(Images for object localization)
______

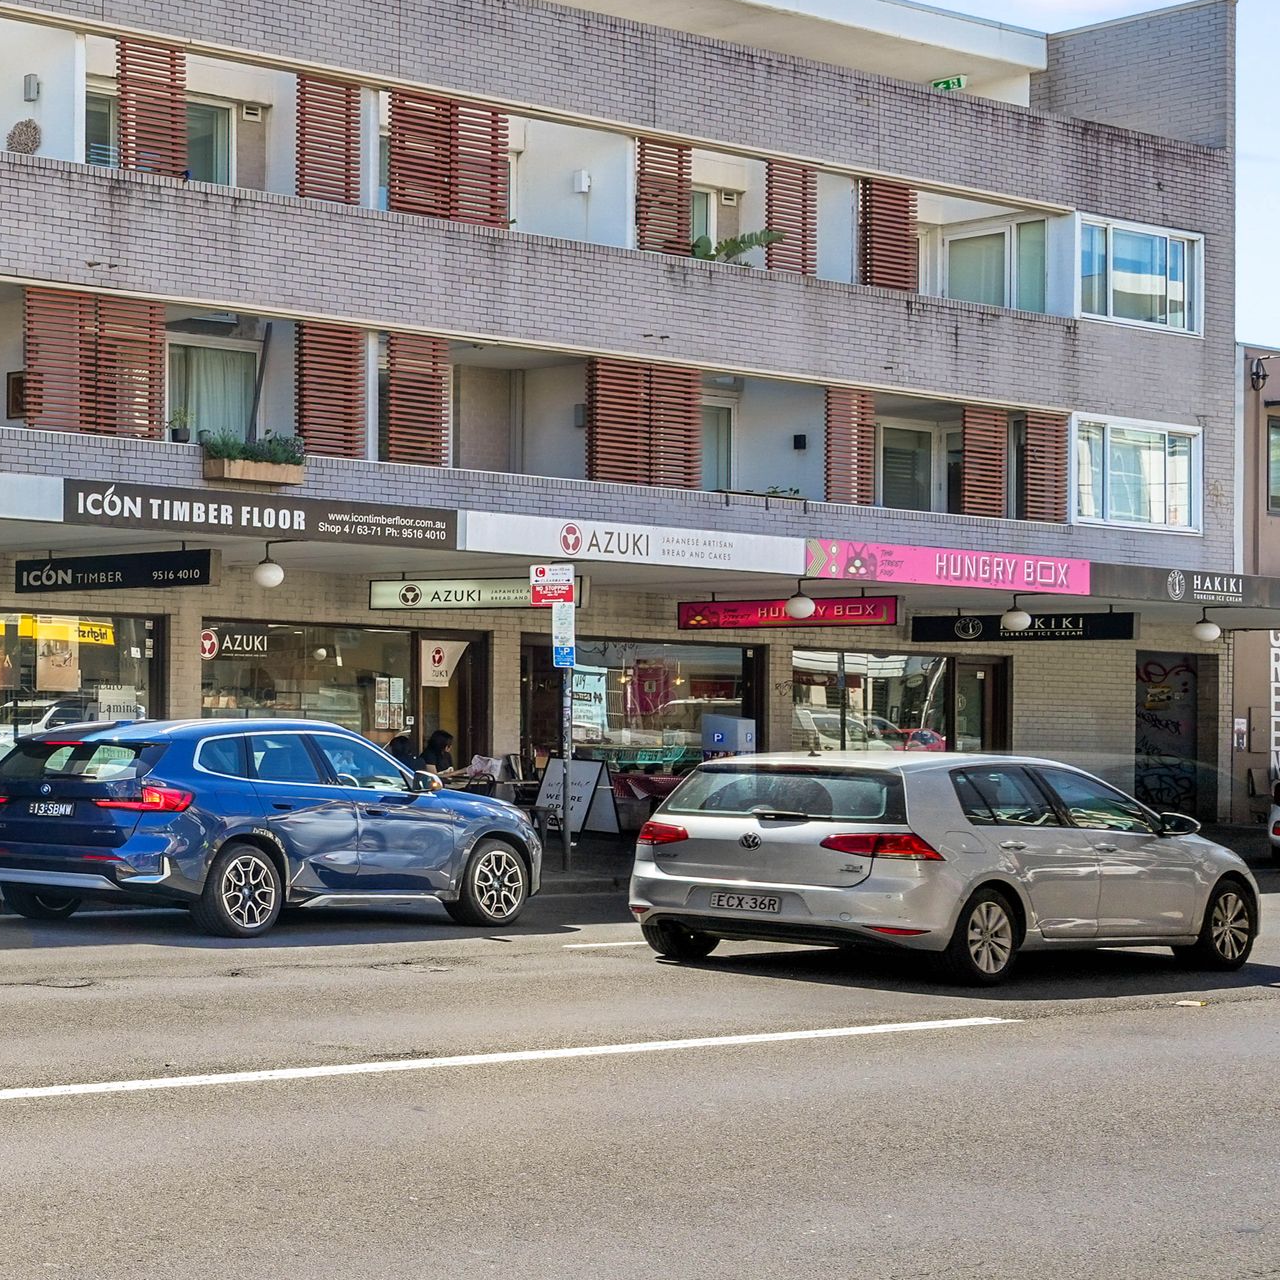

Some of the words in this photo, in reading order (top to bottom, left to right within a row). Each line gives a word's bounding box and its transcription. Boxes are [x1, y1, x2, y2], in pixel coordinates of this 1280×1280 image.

[149, 498, 233, 525] TIMBER
[241, 506, 306, 531] FLOOR
[328, 512, 446, 529] www.icontimberfloor.com.au
[318, 522, 341, 534] Shop
[343, 525, 349, 533] 4
[357, 525, 381, 536] 63-71
[385, 527, 400, 537] Ph:
[402, 529, 423, 539] 9516
[425, 530, 446, 540] 4010
[587, 530, 650, 557] AZUKI
[661, 537, 699, 547] JAPANESE
[702, 540, 734, 549] ARTISAN
[661, 549, 686, 558] BREAD
[689, 551, 706, 559] AND
[708, 552, 732, 561] CAKES
[152, 570, 174, 580] 9516
[176, 569, 200, 580] 4010
[935, 553, 1016, 581] HUNGRY
[76, 571, 123, 584] TIMBER
[430, 589, 482, 603] AZUKI
[757, 605, 827, 619] HUY
[222, 634, 267, 651] AZUKI
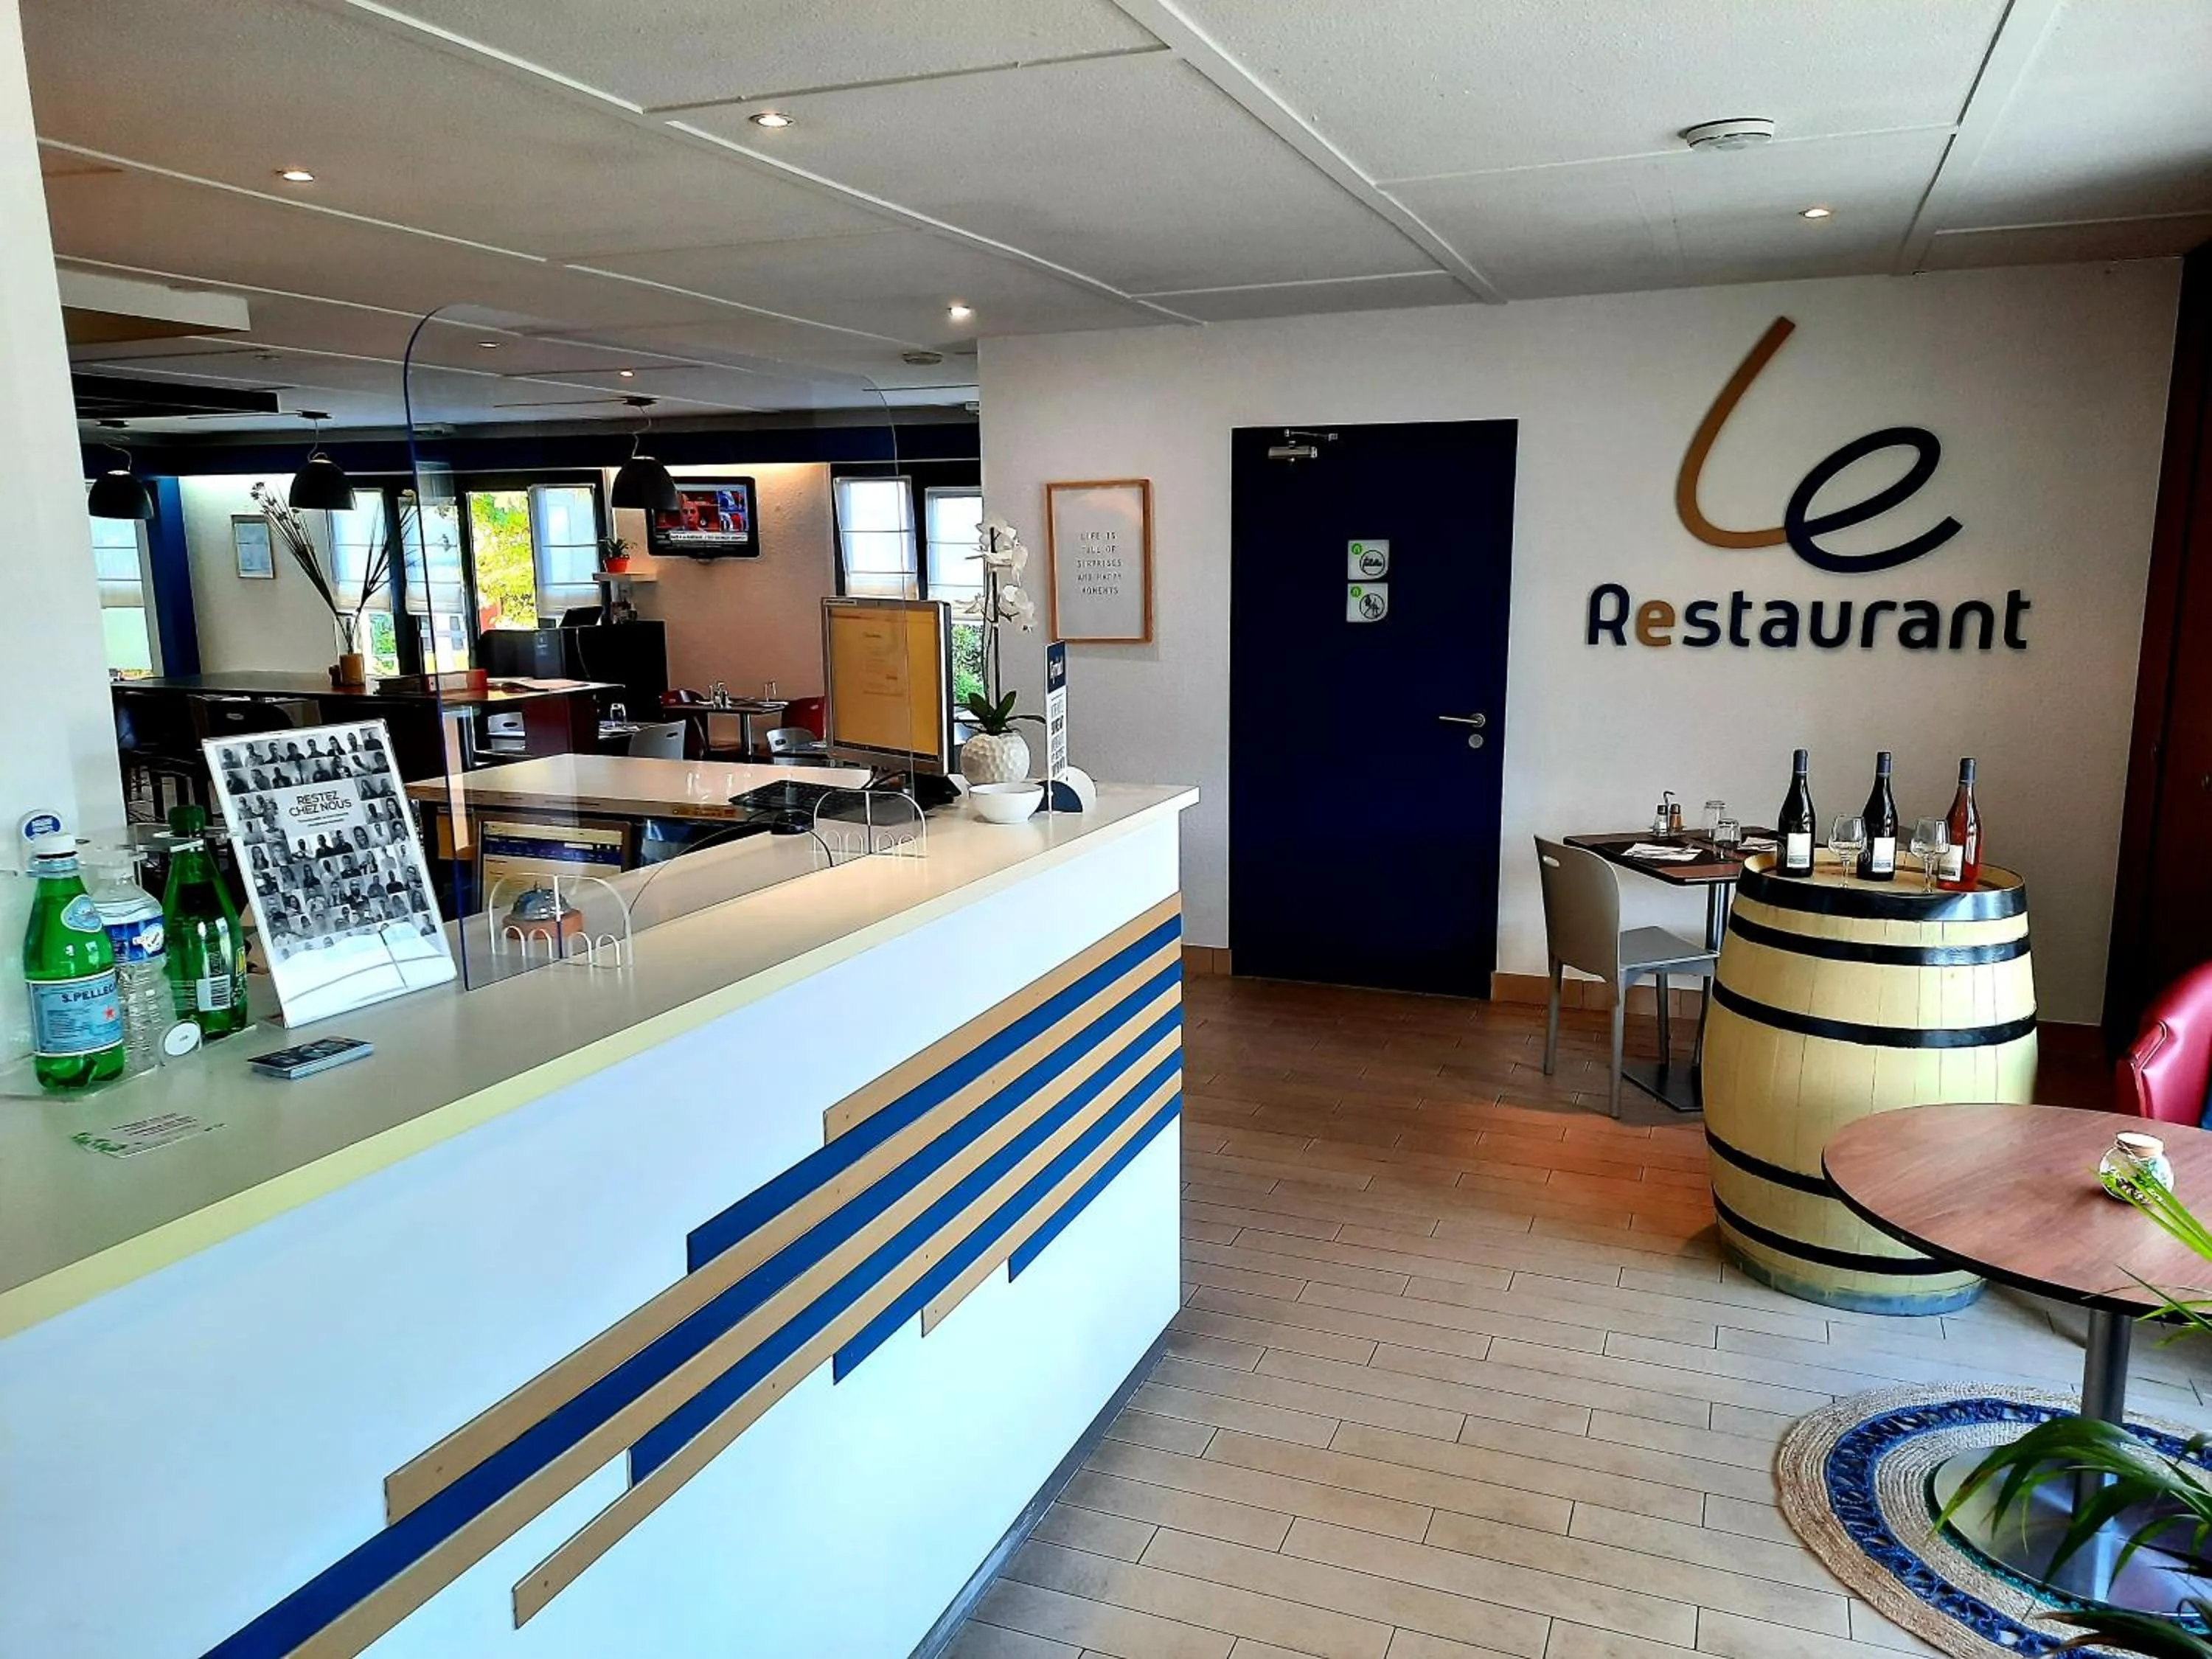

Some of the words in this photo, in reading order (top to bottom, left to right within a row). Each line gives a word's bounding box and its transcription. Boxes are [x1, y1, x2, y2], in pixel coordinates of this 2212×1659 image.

[1079, 532, 1101, 540] LIFE
[1106, 532, 1116, 540] IS
[1587, 584, 2031, 650] Restaurant
[296, 790, 339, 805] RESTEZ
[288, 803, 319, 816] CHEZ
[319, 799, 352, 811] NOUS

______

▶ REQUIREMENT: Could you set down the records above exactly, skipping any picture?

▶ SOLUTION FOR THIS PROBLEM:
Some of the words in this photo, in reading order (top to bottom, left to right within a row). Each line gives a word's bounding box and its transcription. Boxes are [x1, y1, x2, y2], in pixel coordinates of this 1280×1280 image.

[149, 498, 233, 525] TIMBER
[241, 506, 306, 531] FLOOR
[328, 512, 446, 529] www.icontimberfloor.com.au
[318, 522, 341, 534] Shop
[343, 525, 349, 533] 4
[357, 525, 381, 536] 63-71
[385, 527, 400, 537] Ph:
[402, 529, 423, 539] 9516
[425, 530, 446, 540] 4010
[587, 530, 650, 557] AZUKI
[661, 537, 699, 547] JAPANESE
[702, 540, 734, 549] ARTISAN
[661, 549, 686, 558] BREAD
[689, 551, 706, 559] AND
[708, 552, 732, 561] CAKES
[152, 570, 174, 580] 9516
[176, 569, 200, 580] 4010
[935, 553, 1016, 581] HUNGRY
[76, 571, 123, 584] TIMBER
[430, 589, 482, 603] AZUKI
[757, 605, 827, 619] HUY
[222, 634, 267, 651] AZUKI

Some of the words in this photo, in reading order (top to bottom, left to right within a row). Each line gives a word's bounding box and its transcription. Boxes are [x1, y1, x2, y2], in pixel coordinates of this 2212×1659 image.

[1079, 532, 1101, 540] LIFE
[1106, 532, 1116, 540] IS
[1587, 584, 2031, 650] Restaurant
[296, 790, 339, 805] RESTEZ
[288, 803, 319, 816] CHEZ
[319, 799, 352, 811] NOUS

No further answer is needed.